Despite decades of accumulated knowledge about proteins and their post-translational modifications (PTMs), numerous questions remain regarding their molecular composition and biological function. One of the most fundamental queries is the extent to which the combinations of DNA-, RNA- and PTM-level variations explode the complexity of the human proteome. Here, we outline what we know from current databases and measurement strategies including mass spectrometry–based proteomics. In doing so, we examine prevailing notions about the number of modifications displayed on human proteins and how they combine to generate the protein diversity underlying health and disease. We frame central issues regarding determination of protein-level variation and PTMs, including some paradoxes present in the field today. We use this framework to assess existing data and to ask the question, “How many distinct primary structures of proteins (proteoforms) are created from the 20,300 human genes?” We also explore prospects for improving measurements to better regularize protein-level biology and efficiently associate PTMs to function and phenotype.

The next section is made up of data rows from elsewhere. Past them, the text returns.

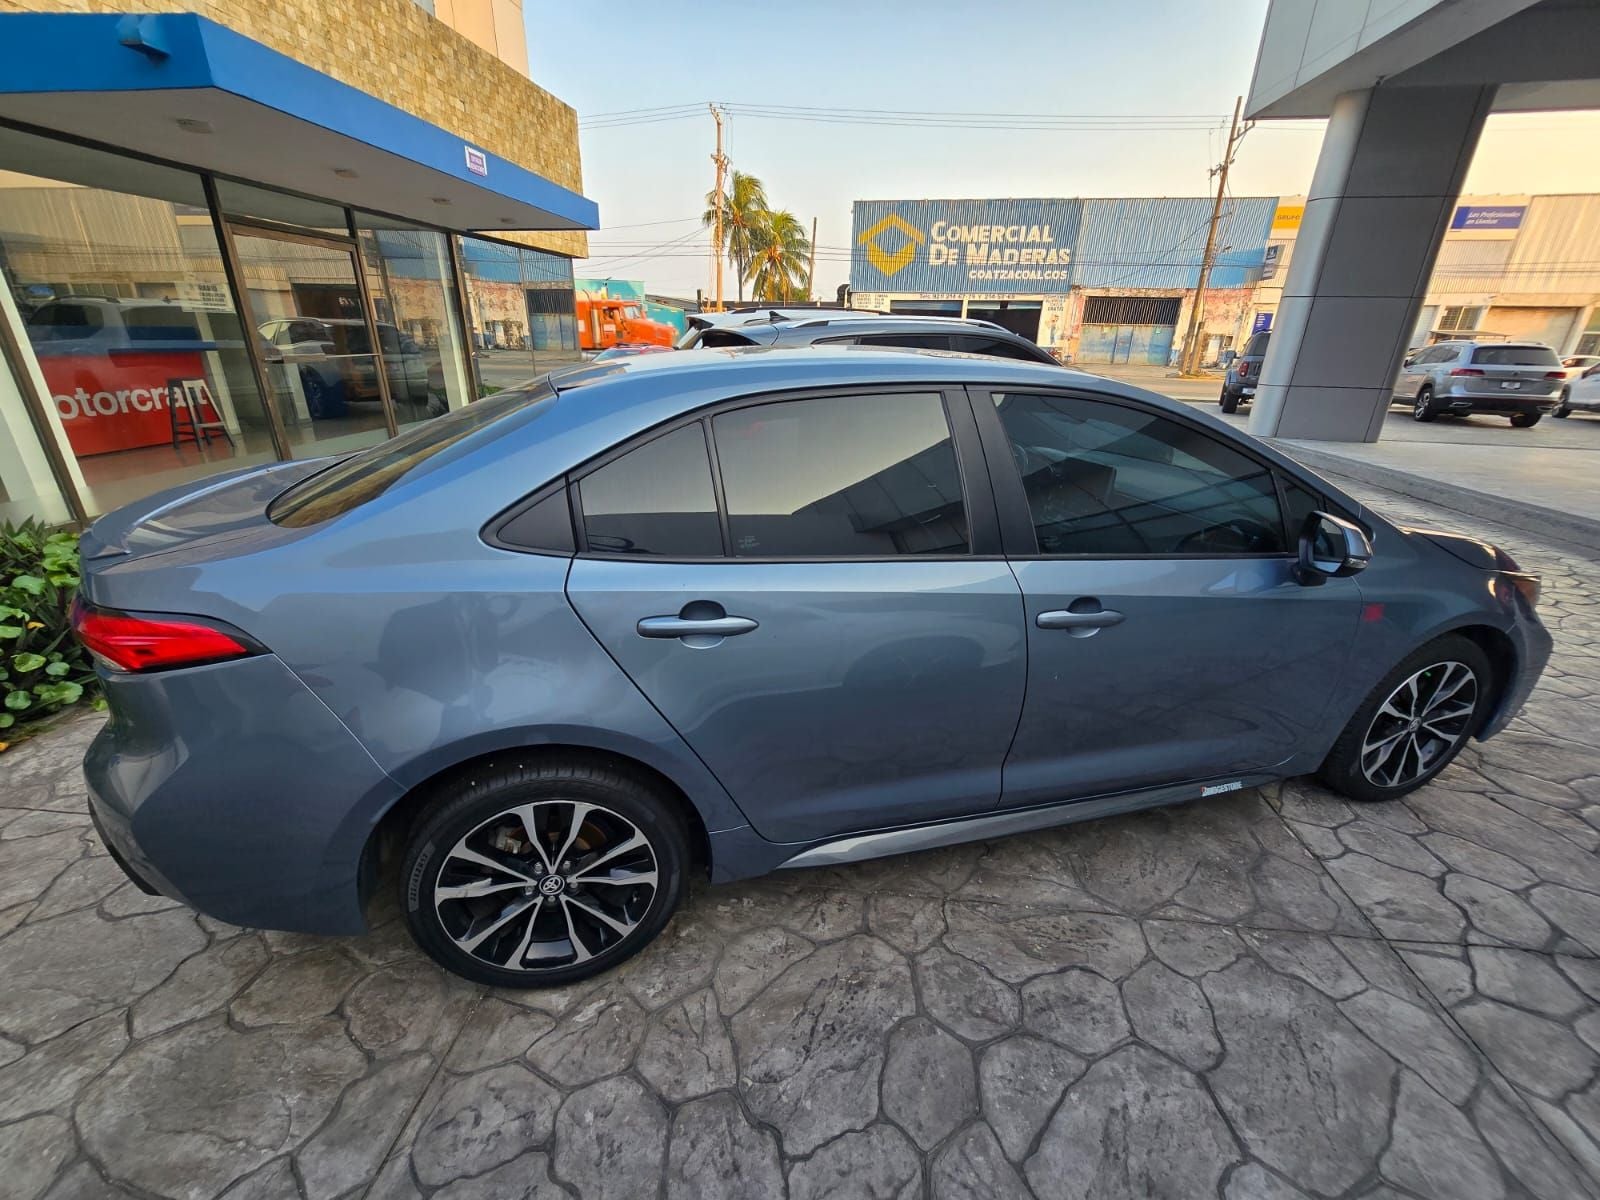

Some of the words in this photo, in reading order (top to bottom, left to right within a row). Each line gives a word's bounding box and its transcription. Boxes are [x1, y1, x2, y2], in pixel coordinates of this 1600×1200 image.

[931, 220, 1054, 242] COMERCIAL
[929, 243, 958, 265] DE
[966, 243, 1071, 265] MADERAS
[969, 270, 1068, 280] COATZACOALCOS
[53, 386, 207, 420] otorcrat

尽管几十年来积累了有关蛋白质及其翻译后修饰 (PTM) 的知识，但有关其分子组成和生物功能的许多问题仍然存在。最基本的问题之一是 DNA、RNA 和 PTM 水平变异的组合在多大程度上会导致人类蛋白质组的复杂性爆炸。在这里，我们概述了我们从当前数据库和测量策略（包括基于质谱的蛋白质组学）中了解到的信息。在此过程中，我们研究了关于人类蛋白质上显示的修饰数量以及它们如何结合以产生健康和疾病背后的蛋白质多样性的流行观念。我们提出了有关确定蛋白质水平变异和 PTM 的核心问题，包括当今该领域存在的一些悖论。我们使用这个框架来评估现有数据并提出以下问题：“20,300 个人类基因创建了多少种不同的蛋白质一级结构（蛋白质形式）？” 我们还探索了改进测量的前景，以更好地规范蛋白质水平生物学并有效地将 PTM 与功能和表型相关联。